Provided records section start
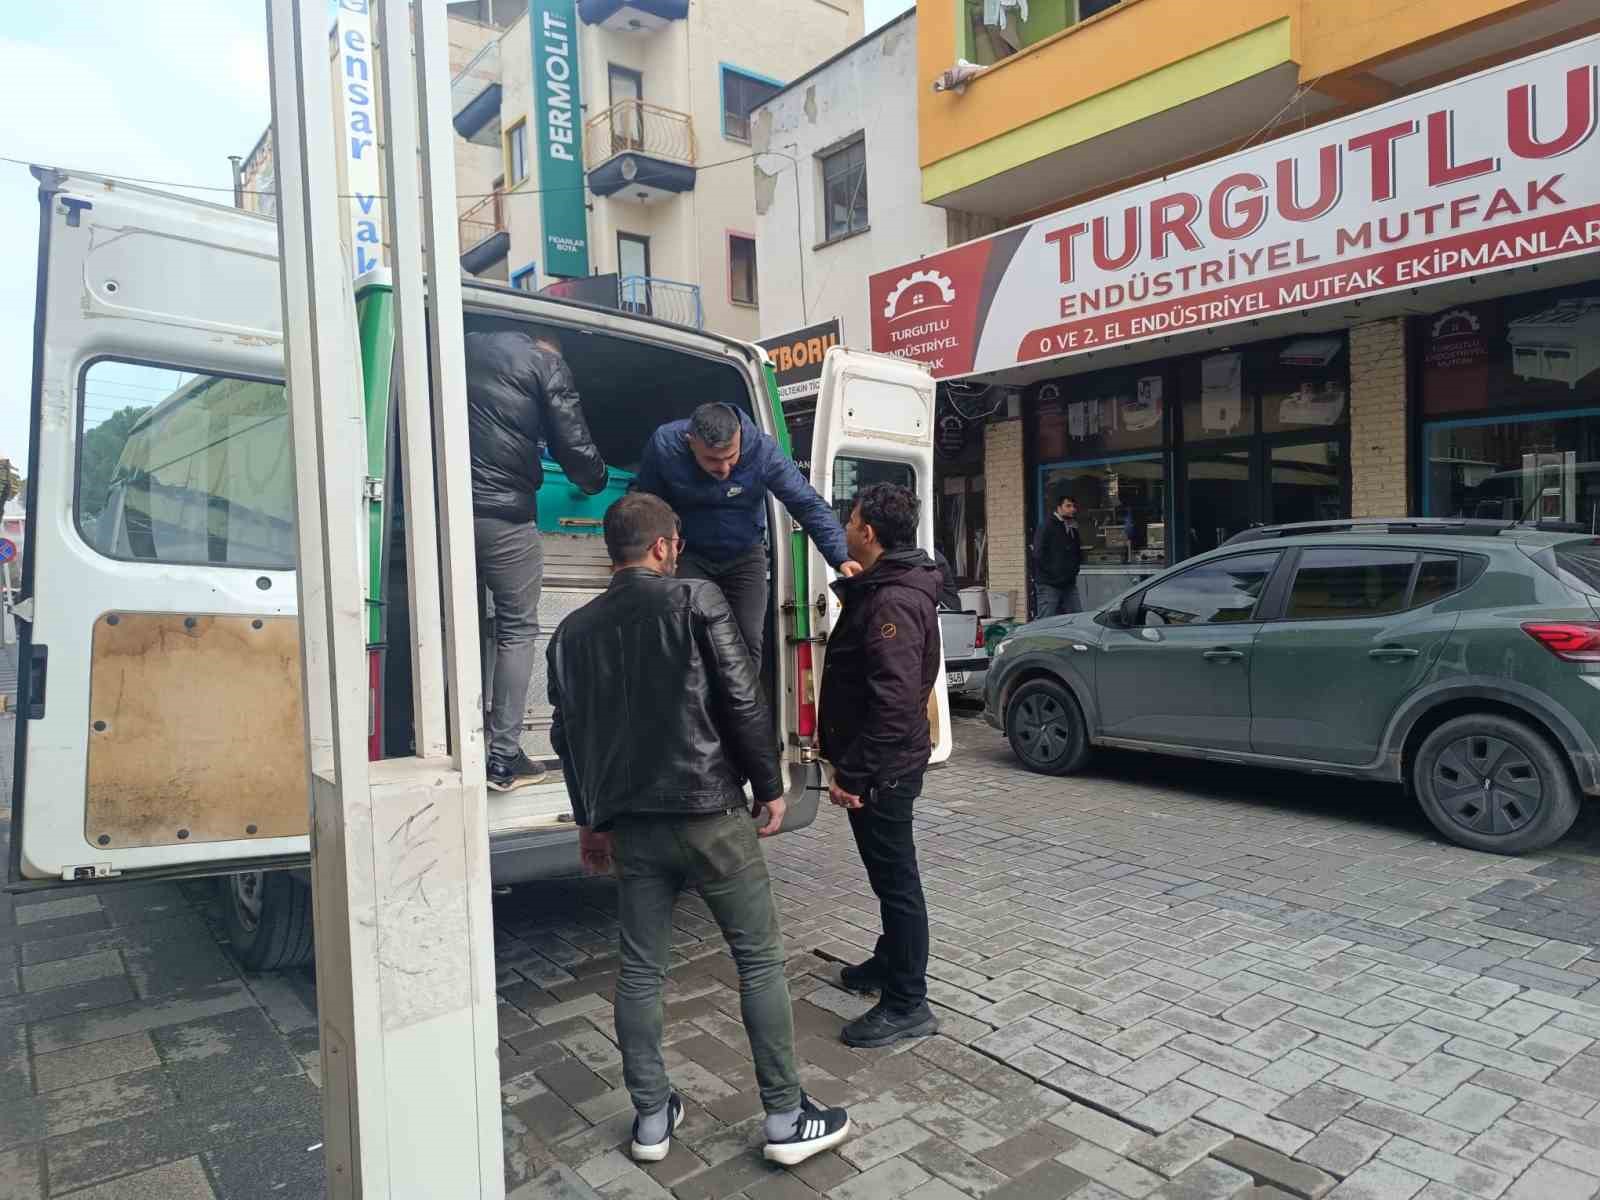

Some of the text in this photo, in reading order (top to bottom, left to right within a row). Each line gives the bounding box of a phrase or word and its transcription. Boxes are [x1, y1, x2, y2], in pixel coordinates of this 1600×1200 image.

[344, 29, 373, 159] ensar
[1045, 64, 1598, 284] TURGUTLU
[1060, 173, 1566, 319] ENDÜSTRİYEL MUTFAK
[889, 336, 959, 361] NDÜSTRİYEL
[890, 319, 950, 342] TURGUTLU
[1057, 331, 1079, 349] VE
[1084, 328, 1099, 344] 2.
[1104, 323, 1125, 340] EL
[1131, 292, 1270, 335] ENDÜSTRİYEL
[1279, 266, 1384, 305] MUTFAK
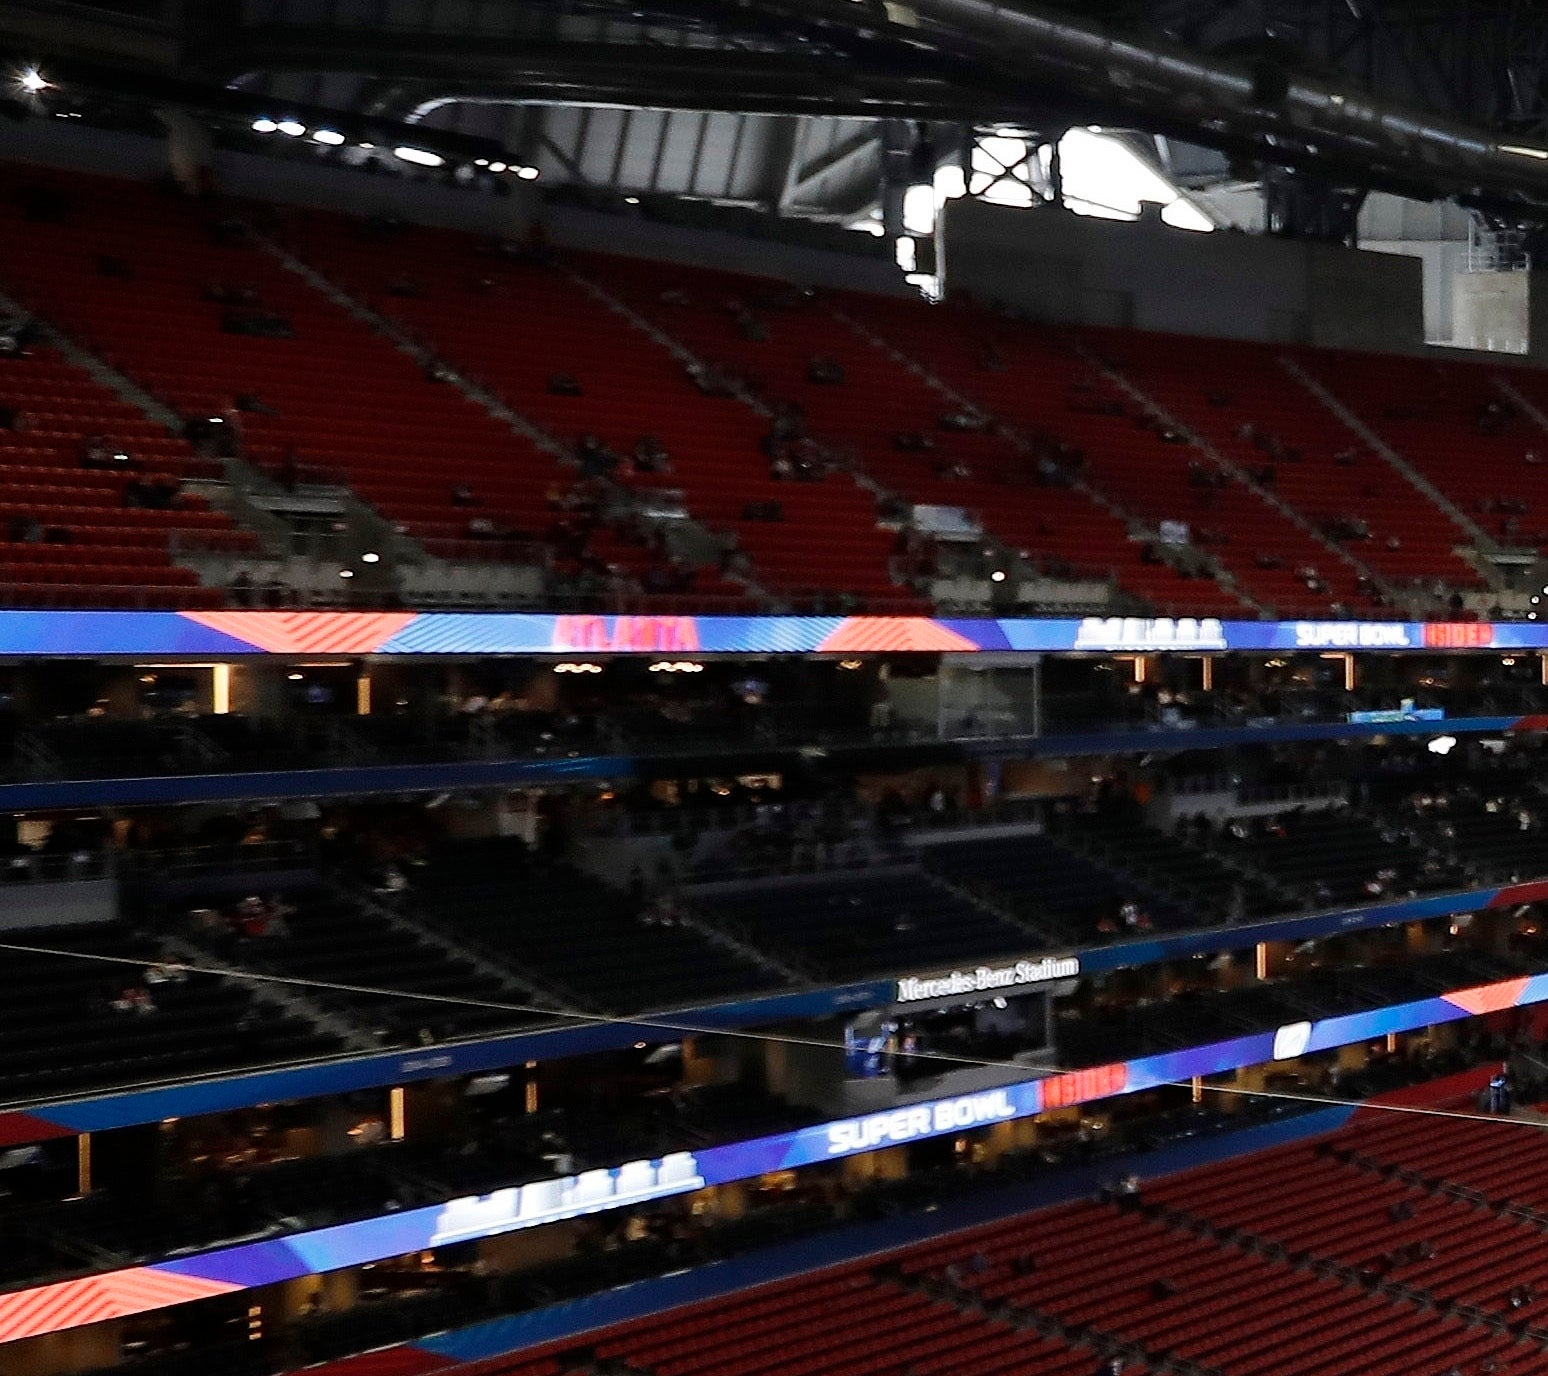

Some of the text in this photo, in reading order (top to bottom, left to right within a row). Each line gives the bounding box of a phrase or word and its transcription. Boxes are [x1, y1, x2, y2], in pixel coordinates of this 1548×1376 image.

[897, 956, 1080, 1003] Mercedes-Benz Stadium
[827, 1108, 932, 1155] SUPER
[933, 1091, 1016, 1132] BOWL
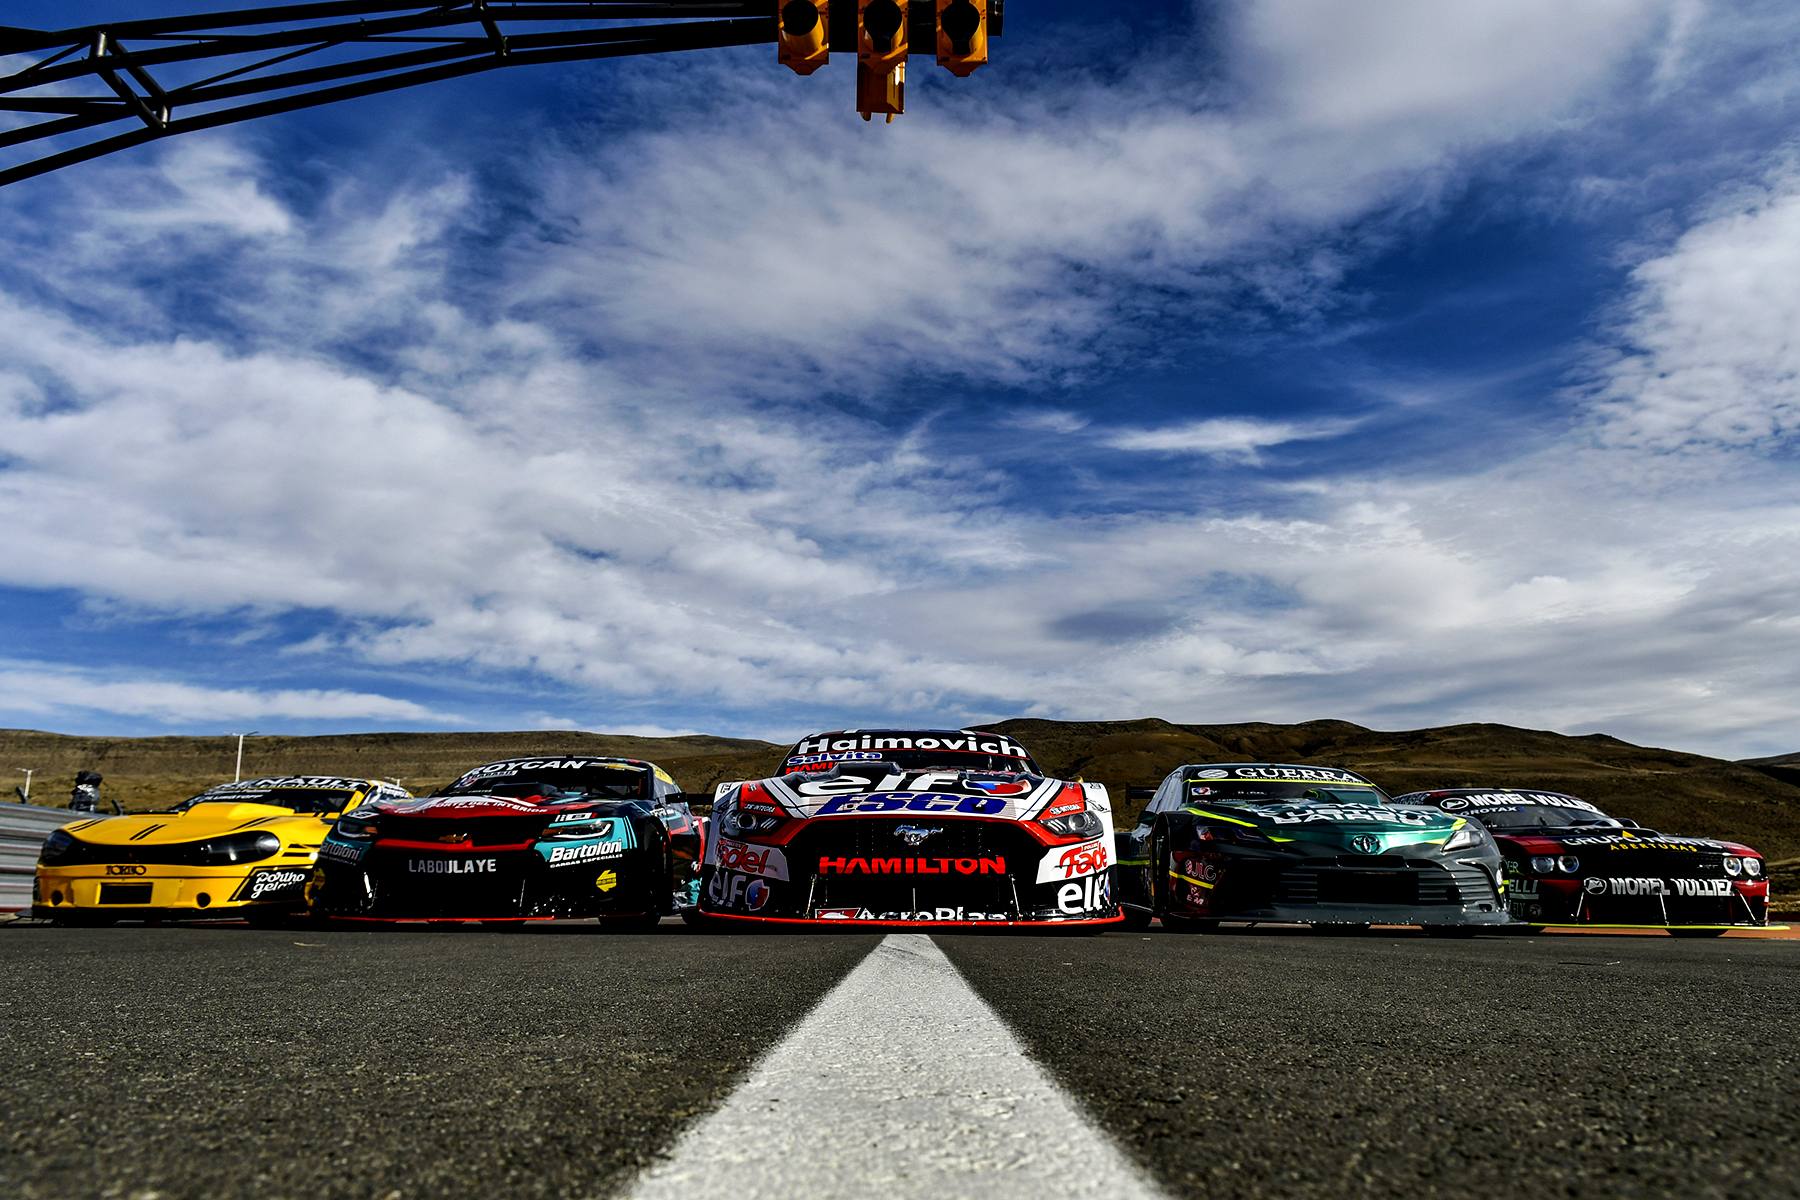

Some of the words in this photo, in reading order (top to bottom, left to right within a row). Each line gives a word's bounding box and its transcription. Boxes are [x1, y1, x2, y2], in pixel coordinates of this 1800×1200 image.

[799, 734, 1025, 759] Haimovich
[786, 751, 883, 766] Salvita
[785, 762, 833, 775] HAMI
[1235, 767, 1363, 783] GUERRA
[799, 772, 958, 796] elf
[814, 792, 1007, 815] ESCO
[1465, 793, 1536, 807] MOREL
[1562, 835, 1643, 846] GRUPO
[1610, 843, 1698, 853] ABERTURAS
[408, 858, 497, 874] LABOULAYE
[818, 856, 1006, 875] HAMILTON
[1609, 878, 1671, 895] MOREL
[1670, 878, 1734, 896] VULLIEZ
Provided records section end
_Task goal:_ What this calls for is a word-for-word copy of the listing above, pictures excluded.

_Result of this task:_
Some of the text in this photo, in reading order (top to bottom, left to right within a row). Each line gives the bounding box of a phrase or word and its transcription. Boxes are [x1, y1, x2, y2], in pixel coordinates of this 1600×1200 image.

[344, 29, 373, 159] ensar
[1045, 64, 1598, 284] TURGUTLU
[1060, 173, 1566, 319] ENDÜSTRİYEL MUTFAK
[889, 336, 959, 361] NDÜSTRİYEL
[890, 319, 950, 342] TURGUTLU
[1057, 331, 1079, 349] VE
[1084, 328, 1099, 344] 2.
[1104, 323, 1125, 340] EL
[1131, 292, 1270, 335] ENDÜSTRİYEL
[1279, 266, 1384, 305] MUTFAK

Some of the text in this photo, in reading order (top to bottom, left to right within a row). Each line gives the bounding box of a phrase or word and its transcription. Boxes are [x1, y1, x2, y2], in pixel coordinates of this 1548×1376 image.

[897, 956, 1080, 1003] Mercedes-Benz Stadium
[827, 1108, 932, 1155] SUPER
[933, 1091, 1016, 1132] BOWL

Some of the words in this photo, in reading order (top to bottom, left to right within a row). Each line gives a word's bounding box and its transcription. Boxes are [x1, y1, x2, y2], in pixel coordinates of this 1800×1200 image.

[799, 734, 1025, 759] Haimovich
[786, 751, 883, 766] Salvita
[785, 762, 833, 775] HAMI
[1235, 767, 1363, 783] GUERRA
[799, 772, 958, 796] elf
[814, 792, 1007, 815] ESCO
[1465, 793, 1536, 807] MOREL
[1562, 835, 1643, 846] GRUPO
[1610, 843, 1698, 853] ABERTURAS
[408, 858, 497, 874] LABOULAYE
[818, 856, 1006, 875] HAMILTON
[1609, 878, 1671, 895] MOREL
[1670, 878, 1734, 896] VULLIEZ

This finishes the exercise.